» Problem statement: Each entry that follows is to be retyped exactly. Pictures do not belong in the copy.

(Stored data entries)
== Segment start ==

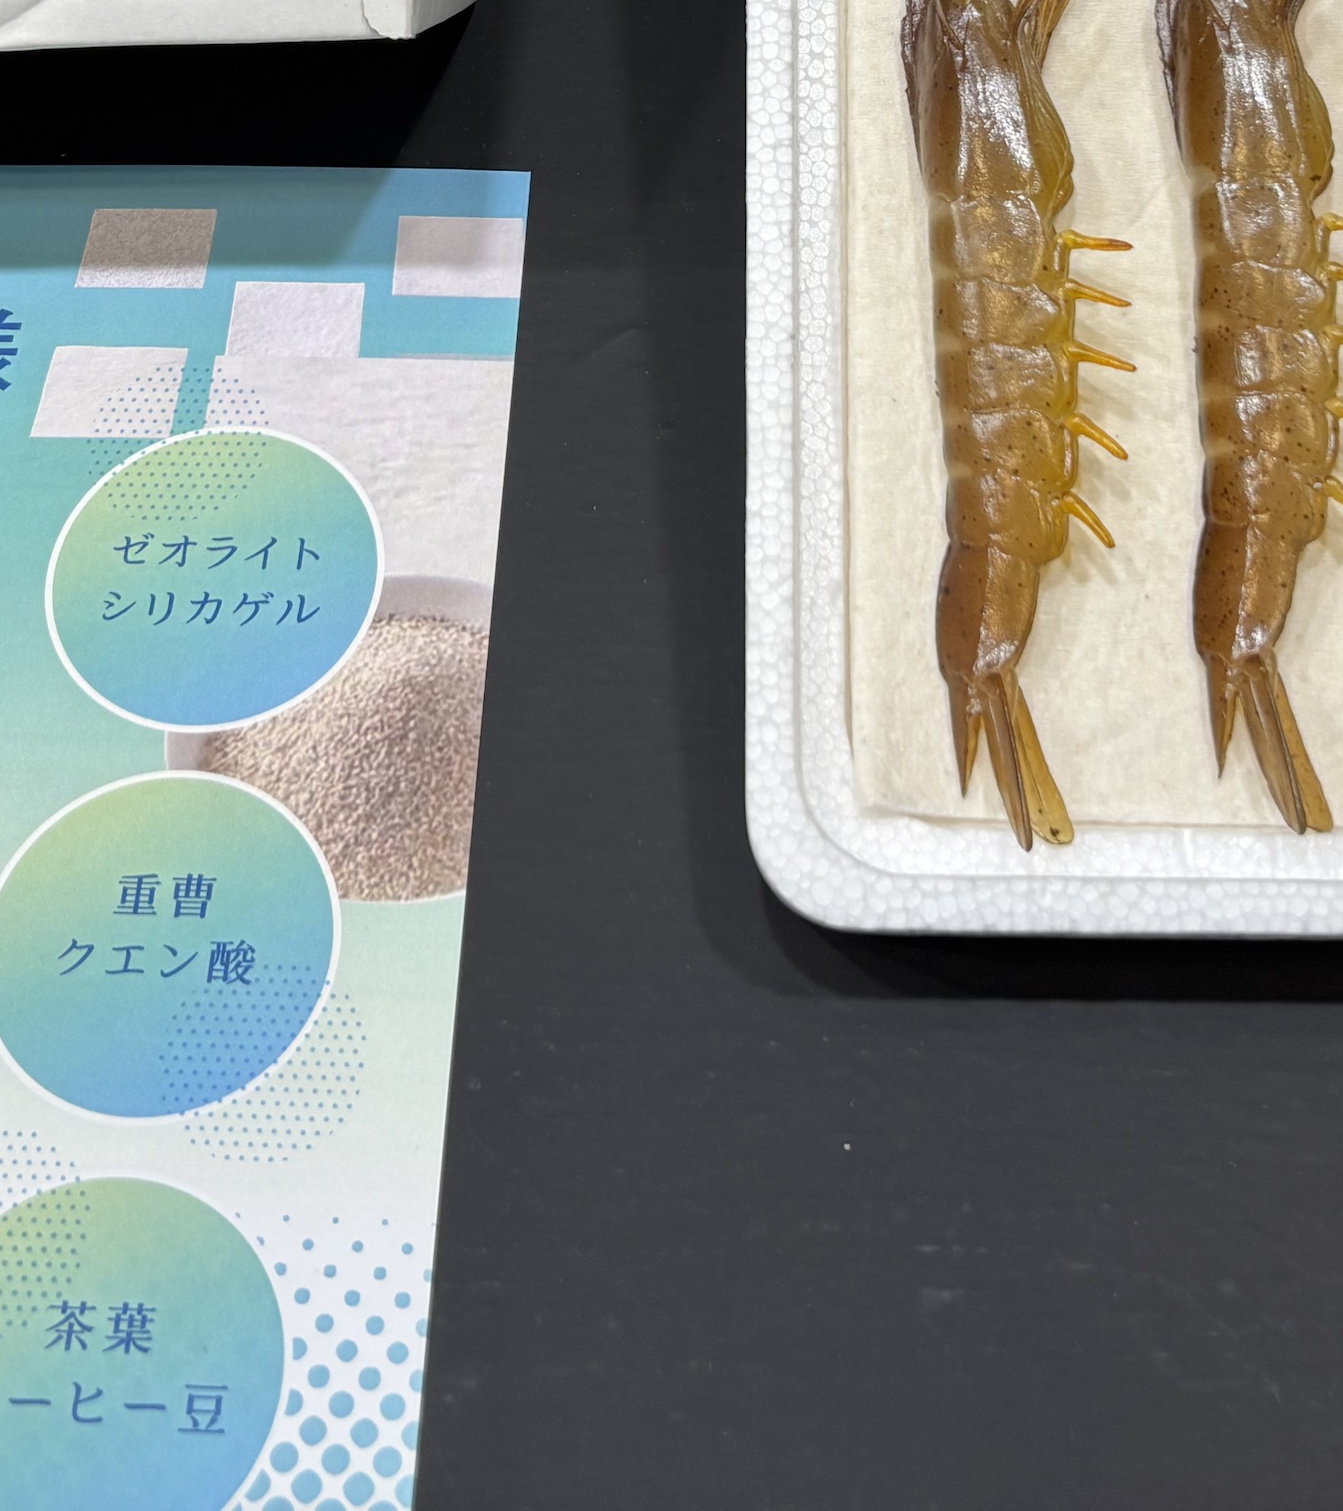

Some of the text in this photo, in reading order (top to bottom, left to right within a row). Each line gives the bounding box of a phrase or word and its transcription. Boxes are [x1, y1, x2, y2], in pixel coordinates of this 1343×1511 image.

[112, 533, 322, 572] ゼオライト
[101, 589, 322, 627] シリカゲル
[112, 872, 218, 921] 重曹
[56, 936, 258, 987] クエン酸
[44, 1299, 158, 1357] 茶葉
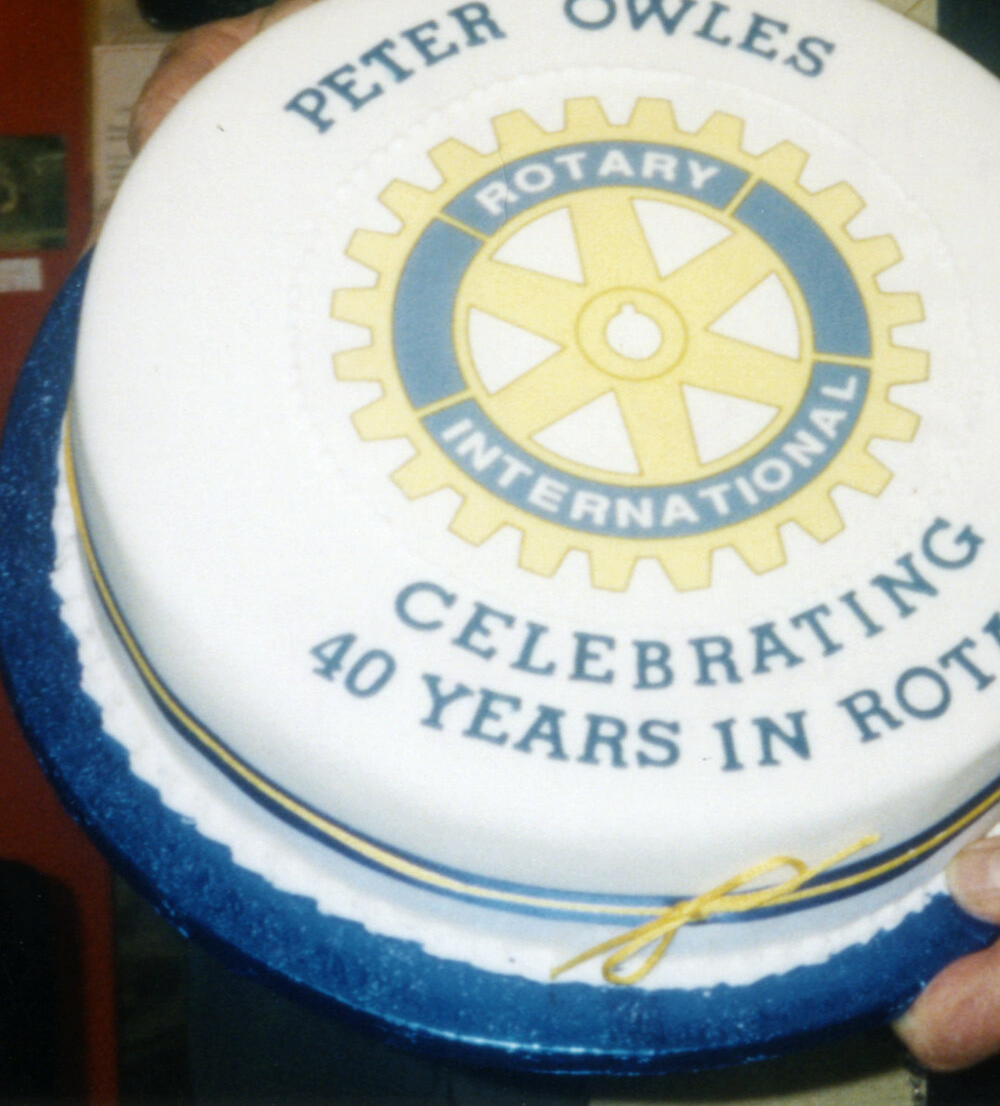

== Segment end ==

» Output below:
Some of the text in this photo, in reading order (top to bottom, left to right within a row). Each line gives the bounding box of a phrase or word and its transcription. Boxes are [x1, y1, x2, y2], in pixel coordinates of this 1343×1511 image.

[112, 533, 322, 572] ゼオライト
[101, 589, 322, 627] シリカゲル
[112, 872, 218, 921] 重曹
[56, 936, 258, 987] クエン酸
[44, 1299, 158, 1357] 茶葉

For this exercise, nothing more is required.